Only text is carried over. Reproduce the entries below exactly.

----- Data shown -----

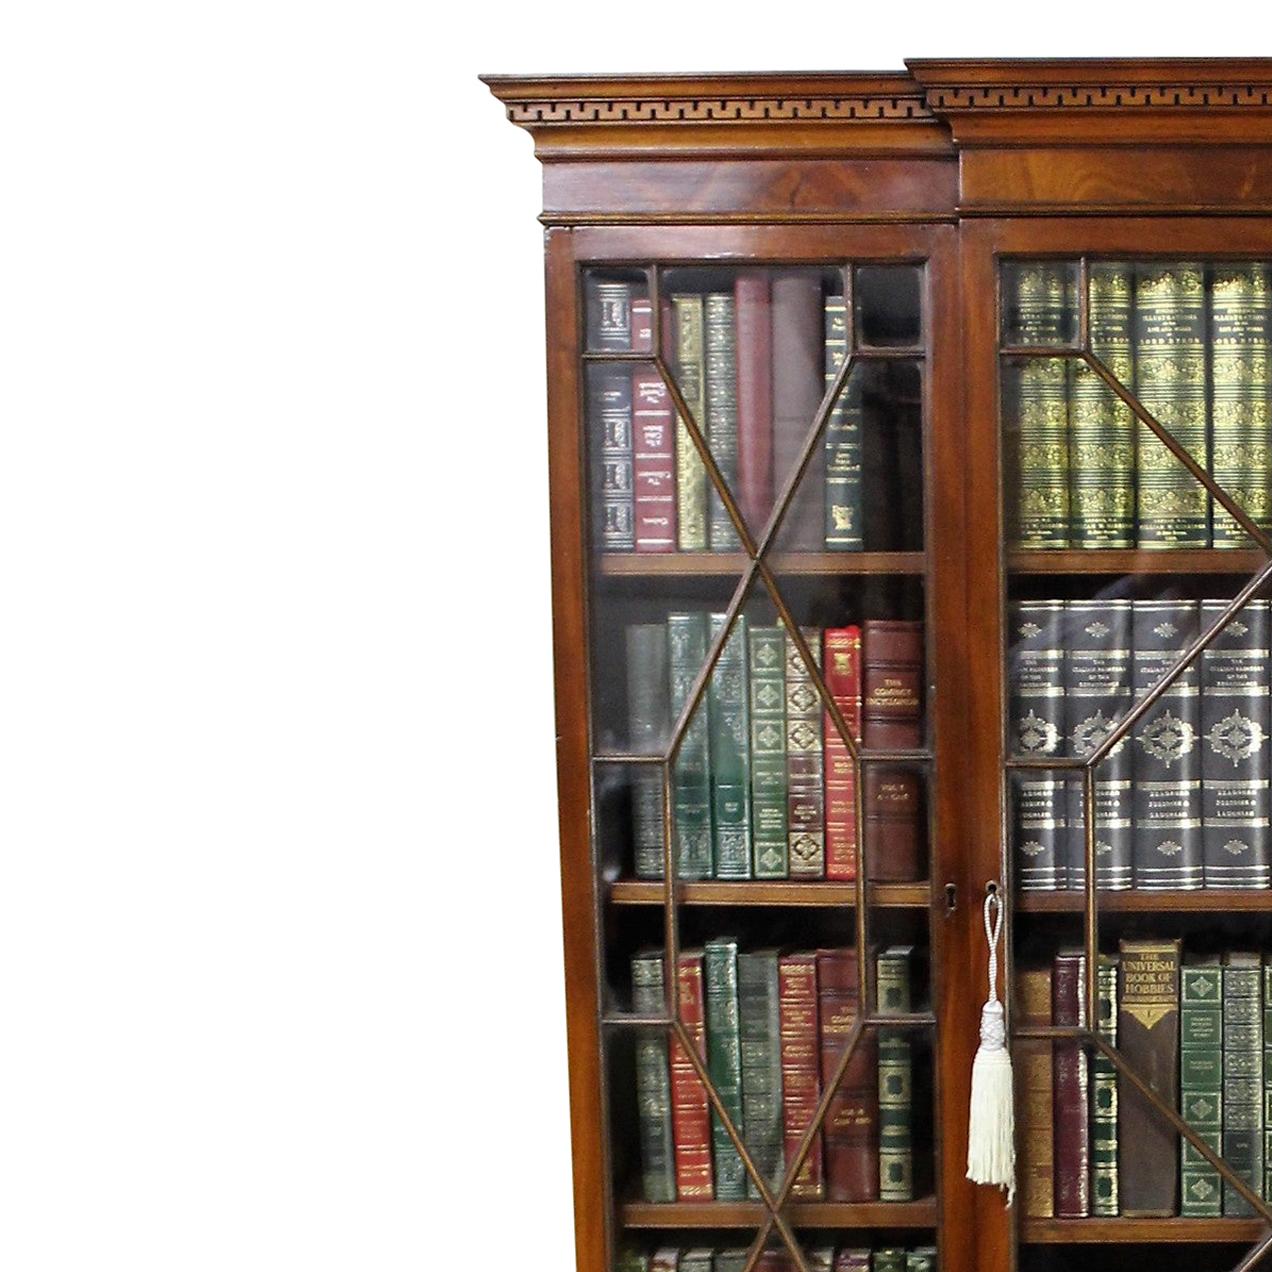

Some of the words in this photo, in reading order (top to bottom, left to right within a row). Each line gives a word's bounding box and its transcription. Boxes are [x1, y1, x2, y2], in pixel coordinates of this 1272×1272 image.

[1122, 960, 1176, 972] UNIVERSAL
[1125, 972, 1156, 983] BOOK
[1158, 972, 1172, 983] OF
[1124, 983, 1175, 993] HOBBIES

-----

[Written response]
Some of the words in this photo, in reading order (top to bottom, left to right within a row). Each line gives a word's bounding box and its transcription. Boxes are [x1, y1, x2, y2], in pixel coordinates of this 1272×1272 image.

[1122, 960, 1176, 972] UNIVERSAL
[1125, 972, 1156, 983] BOOK
[1158, 972, 1172, 983] OF
[1124, 983, 1175, 993] HOBBIES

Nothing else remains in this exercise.